The facts of this case are fully set forth in this Court's Memorandum and Order of January 20, 2015, denying Plaintiffs Motion to Dismiss Counterclaim of Defendant Roper (ECF No. 48) and the Memorandum and Order of April 3, 2015, granting Plaintiffs Motion to Voluntarily Dismiss his Cause of Action Without Prejudice Pursuant to Rule 41(a)(2) (ECF No. 70). The Court incorporates those facts by reference as if fully set forth herein.
Upon dismissal of Plaintiffs claims, Defendant Jeffrey Roper filed a motion to voluntarily dismiss his counterclaim. Roper asserts that he seeks to avoid possibly inconsistent rulings and desires to have his counterclaim heard in the same court.

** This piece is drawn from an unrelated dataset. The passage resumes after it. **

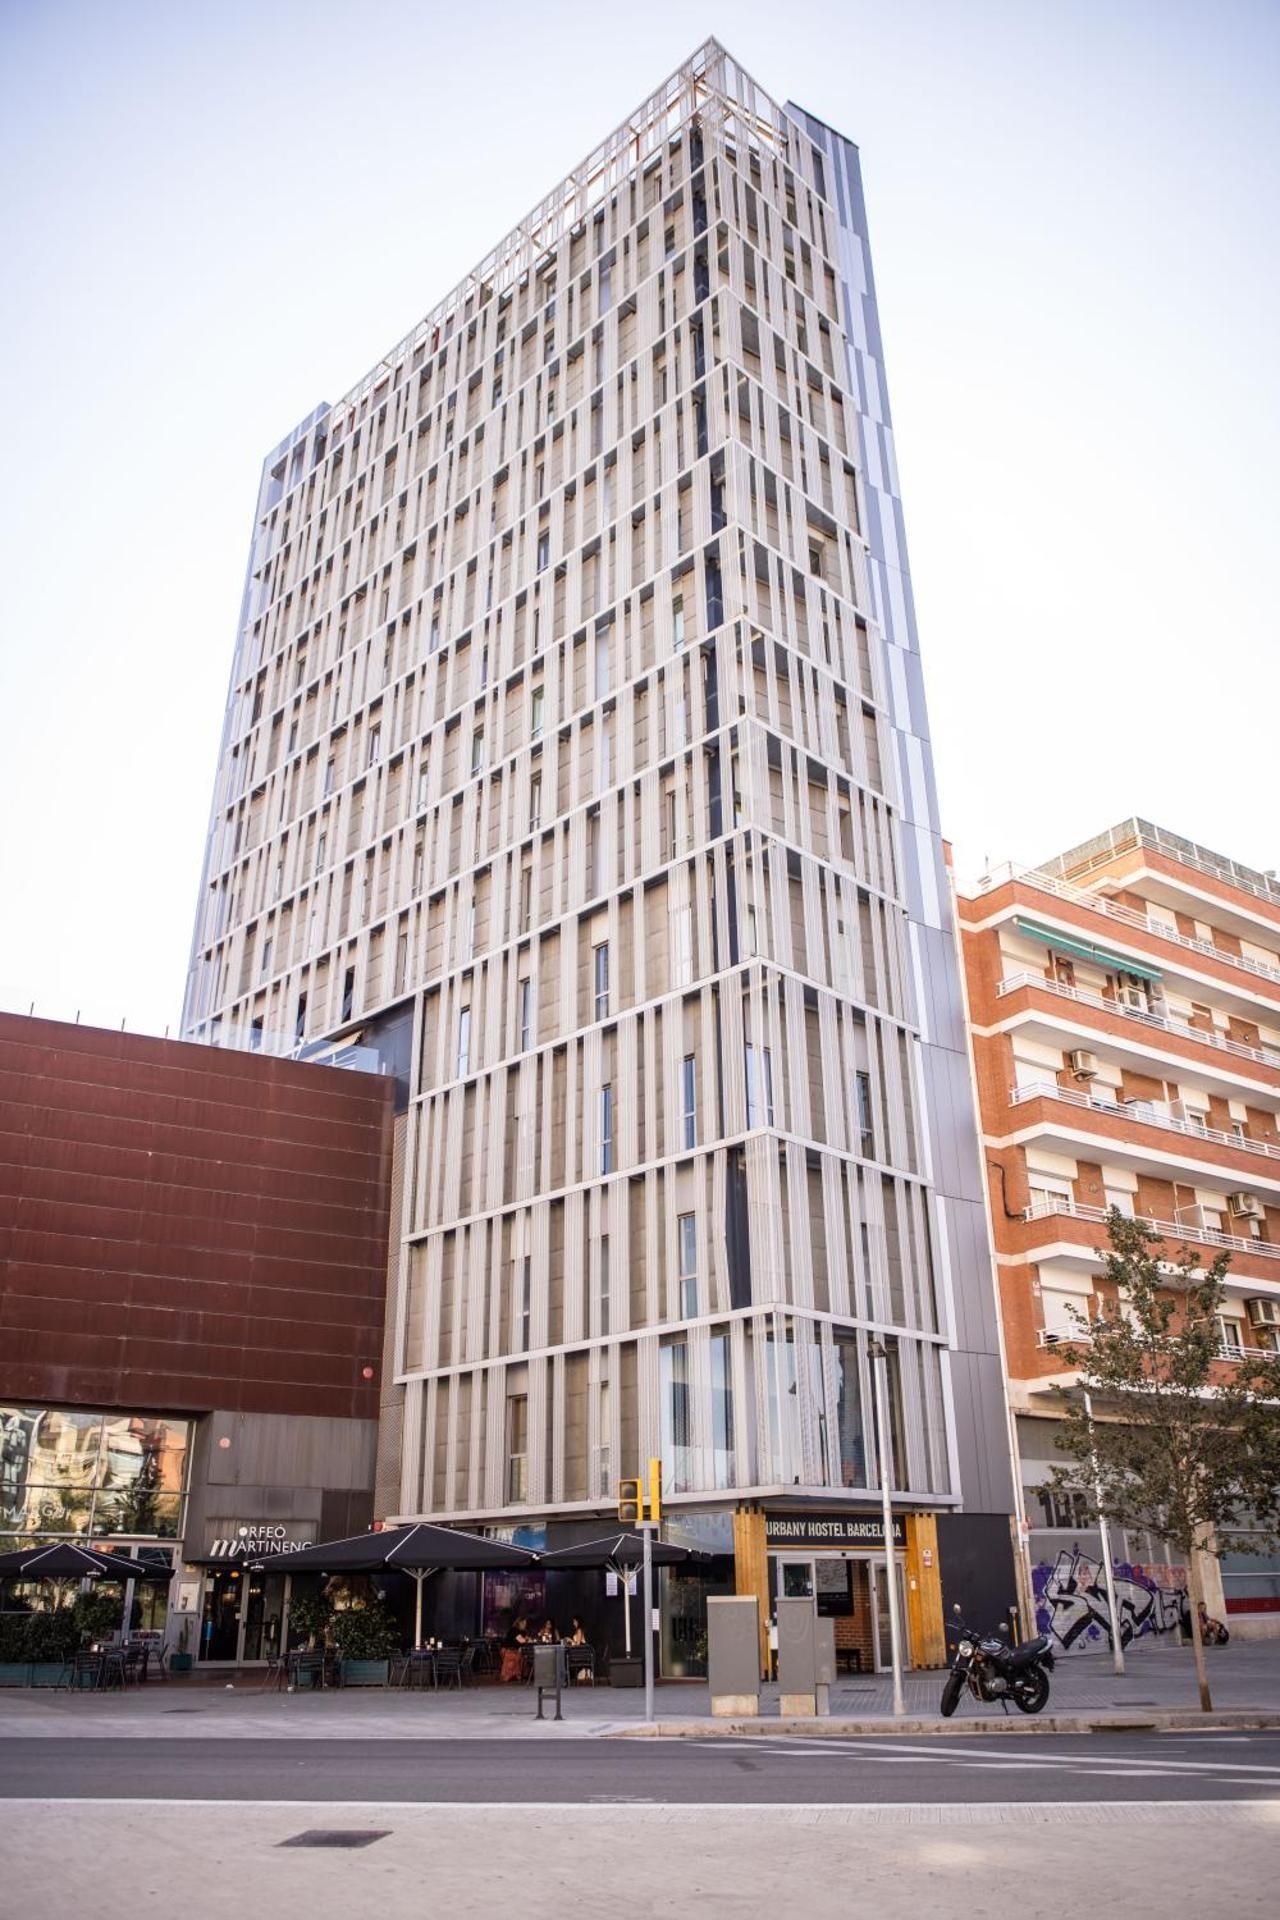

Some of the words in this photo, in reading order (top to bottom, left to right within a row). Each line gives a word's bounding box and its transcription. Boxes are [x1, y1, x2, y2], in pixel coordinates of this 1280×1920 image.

Under Federal Rule of Civil Procedure 41(a)(2), after a defendant has served an answer, "an action may be dismissed at the plaintiffs request only by court order, on terms that the court considers proper." Further, "a decision whether to allow a party to voluntarily dismiss a case rests upon the sound discretion of the court.'" Thatcher v. Hanover Ins. Grp., Inc., 659 F.3d 1212, 1213-14 (8th Cir. 2011) (quoting Hamm v. Rhone-Poulenc Rorer Pharm., Inc., 187 F.3d 941, 950 (8th Cir. 1999)).
In the instant case, the Court finds that dismissal of Roper's counterclaim is proper. Litigating the claim and the counterclaim in the same court promotes judicial economy and eliminates the possibility of inconsistent rulings. As stated in this Court's Memorandum and Order of April 3, 2015, the case has not progressed to the point where judicial time and effort would be wasted. Further, as previously stated, the parties are not prejudiced by dismissing the action, as they may use discovery taken in federal court in the state court proceedings, and defending claims in a second action does not constitute legal prejudice. Mullen v. Heinke! Filtering Sys., Inc., 770 F.3d 724, 728 (8th Cir. 2014).
IT IS HEREBY ORDERED that Defendant Jeffrey Roper's Motion to Voluntarily Dismiss his Counterclaim without Prejudice (ECF No. 73) is GRANTED.
IT IS FURTHER ORDERED that Defendant Jeffrey Roper's Motion to Compel (ECF No. 55) is DENIED as MOOT.
IT IS FURTHER ORDERED that Defendant Jeffrey Roper's Motion for Summary Judgment (ECF No. 57) is DENIED as MOOT.
IT IS FINALLY ORDERED that Defendant Jeffrey Roper's Motion to Extend
Deadline to File Reply to his Motion for Summary Judgment (ECF No. 74) is DENIED as MOOT.